For leg 4 the values of step amplitude showed considerable scatter in the nine experimental conditions. Therefore the two measurements – ‘return stroke duration’ and ‘mean return stroke speed’-gave different results. For return stroke duration, the results agreed with the model predictions in eight out of nine cases. They did not agree in the case of the highest load value and the highest walking speed. For mean return stroke speed, two results contradicted the prediction (load 5 g, walking speed 11 cm s−1 and 14 cm s−1). Altogether, in only one or two (depending on the measure used) of 18 experimental series (nine conditions for the two legs) did the results differ from the model predictions. These deviations occurred: (a) only in leg 4, which also showed much less regular stepping behaviour, and (b) only for high parameter values. Therefore, the results are considered to support the predictions of the model calculation.

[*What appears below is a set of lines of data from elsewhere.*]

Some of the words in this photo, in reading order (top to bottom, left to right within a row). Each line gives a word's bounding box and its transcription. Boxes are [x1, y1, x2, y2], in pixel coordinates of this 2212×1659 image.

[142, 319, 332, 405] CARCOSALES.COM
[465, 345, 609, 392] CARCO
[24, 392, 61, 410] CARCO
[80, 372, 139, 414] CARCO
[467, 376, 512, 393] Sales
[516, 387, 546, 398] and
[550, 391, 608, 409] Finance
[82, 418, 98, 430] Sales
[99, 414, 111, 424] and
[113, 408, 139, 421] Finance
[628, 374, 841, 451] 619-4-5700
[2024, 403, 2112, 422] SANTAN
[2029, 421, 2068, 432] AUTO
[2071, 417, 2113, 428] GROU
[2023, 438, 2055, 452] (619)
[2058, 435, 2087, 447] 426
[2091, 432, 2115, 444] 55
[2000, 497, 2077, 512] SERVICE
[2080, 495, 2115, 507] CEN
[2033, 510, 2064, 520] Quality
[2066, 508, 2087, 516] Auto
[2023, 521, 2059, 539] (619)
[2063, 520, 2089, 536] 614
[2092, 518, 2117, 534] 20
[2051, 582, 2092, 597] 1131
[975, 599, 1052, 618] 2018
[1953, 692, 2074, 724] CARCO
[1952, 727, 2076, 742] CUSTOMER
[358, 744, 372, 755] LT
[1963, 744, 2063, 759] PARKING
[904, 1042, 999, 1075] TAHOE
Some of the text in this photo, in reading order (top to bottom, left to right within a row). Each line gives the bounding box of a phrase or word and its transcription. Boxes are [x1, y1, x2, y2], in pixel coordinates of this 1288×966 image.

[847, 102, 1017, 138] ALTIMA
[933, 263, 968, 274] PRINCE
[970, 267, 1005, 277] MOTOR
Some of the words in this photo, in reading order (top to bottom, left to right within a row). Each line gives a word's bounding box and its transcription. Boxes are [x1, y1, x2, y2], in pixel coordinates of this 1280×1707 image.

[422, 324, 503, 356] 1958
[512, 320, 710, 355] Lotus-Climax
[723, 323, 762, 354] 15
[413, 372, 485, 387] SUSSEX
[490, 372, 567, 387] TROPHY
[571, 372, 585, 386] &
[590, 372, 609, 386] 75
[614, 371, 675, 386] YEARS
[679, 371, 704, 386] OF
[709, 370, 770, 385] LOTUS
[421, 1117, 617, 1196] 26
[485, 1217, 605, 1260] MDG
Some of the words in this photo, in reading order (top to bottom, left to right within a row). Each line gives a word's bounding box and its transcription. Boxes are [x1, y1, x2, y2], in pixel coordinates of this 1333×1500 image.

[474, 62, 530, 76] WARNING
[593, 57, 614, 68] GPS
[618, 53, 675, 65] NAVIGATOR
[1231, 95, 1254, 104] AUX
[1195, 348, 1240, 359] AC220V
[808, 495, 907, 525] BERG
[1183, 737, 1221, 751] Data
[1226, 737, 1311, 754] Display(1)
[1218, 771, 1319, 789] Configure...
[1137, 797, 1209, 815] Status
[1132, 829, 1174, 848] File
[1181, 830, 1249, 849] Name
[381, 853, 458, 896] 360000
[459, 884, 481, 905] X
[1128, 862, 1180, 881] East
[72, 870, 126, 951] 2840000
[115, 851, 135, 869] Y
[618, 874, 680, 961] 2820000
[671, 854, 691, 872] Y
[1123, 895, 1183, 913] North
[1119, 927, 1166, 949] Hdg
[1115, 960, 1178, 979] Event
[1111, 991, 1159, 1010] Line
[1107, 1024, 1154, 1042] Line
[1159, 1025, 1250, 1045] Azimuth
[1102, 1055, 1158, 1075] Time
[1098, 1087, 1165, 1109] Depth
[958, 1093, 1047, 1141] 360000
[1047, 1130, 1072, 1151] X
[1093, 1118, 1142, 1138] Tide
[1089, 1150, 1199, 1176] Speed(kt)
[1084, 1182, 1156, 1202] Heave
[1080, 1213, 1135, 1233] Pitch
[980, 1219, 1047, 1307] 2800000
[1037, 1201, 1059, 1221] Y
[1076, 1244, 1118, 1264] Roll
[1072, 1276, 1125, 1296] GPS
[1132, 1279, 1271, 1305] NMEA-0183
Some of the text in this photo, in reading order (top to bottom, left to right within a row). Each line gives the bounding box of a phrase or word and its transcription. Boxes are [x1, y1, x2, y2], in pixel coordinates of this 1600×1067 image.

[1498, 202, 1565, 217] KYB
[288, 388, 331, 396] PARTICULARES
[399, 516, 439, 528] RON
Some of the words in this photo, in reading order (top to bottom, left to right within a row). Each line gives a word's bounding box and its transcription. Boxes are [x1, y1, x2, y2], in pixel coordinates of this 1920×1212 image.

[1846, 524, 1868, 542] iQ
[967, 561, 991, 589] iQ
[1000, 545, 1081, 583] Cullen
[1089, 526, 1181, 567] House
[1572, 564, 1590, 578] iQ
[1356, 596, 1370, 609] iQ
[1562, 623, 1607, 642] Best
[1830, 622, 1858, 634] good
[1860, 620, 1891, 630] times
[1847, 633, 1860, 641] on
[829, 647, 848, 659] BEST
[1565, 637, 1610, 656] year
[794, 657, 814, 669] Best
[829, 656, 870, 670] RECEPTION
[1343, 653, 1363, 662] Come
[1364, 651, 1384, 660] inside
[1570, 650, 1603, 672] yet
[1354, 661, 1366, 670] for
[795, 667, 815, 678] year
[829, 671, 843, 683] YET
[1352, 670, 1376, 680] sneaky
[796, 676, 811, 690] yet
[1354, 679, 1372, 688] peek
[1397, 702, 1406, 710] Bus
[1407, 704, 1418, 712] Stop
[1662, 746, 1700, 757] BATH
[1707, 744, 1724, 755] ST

From electrophysiological investigations, different results are described in the literature concerning the influence of load on the motor output during return stroke. No such influence was found by Grote ( 1981) when comparing crayfish walking under water and on land. Barnes (1977) found an increase in spike frequency and a shorter burst duration when the animal was loaded. Our behavioural results agree with the latter. However, both authors allowed their animals to choose the walking speed freely and made no direct comparison for identical walking speeds. In the crab Cardisoma guanhumiEvoy & Fourtner (1973) found that the return stroke duration of loaded animals was longer than that of unloaded animals. However, loaded animals walked at different speeds from unloaded ones. Because return stroke duration and walking speed may be correlated (see MacMillan, 1975) it is possible in these investigations that load did not influence the return stroke duration directly but only via changes in walking speed. This possibility is excluded for our experiments as we compared results obtained from walks with constant speed.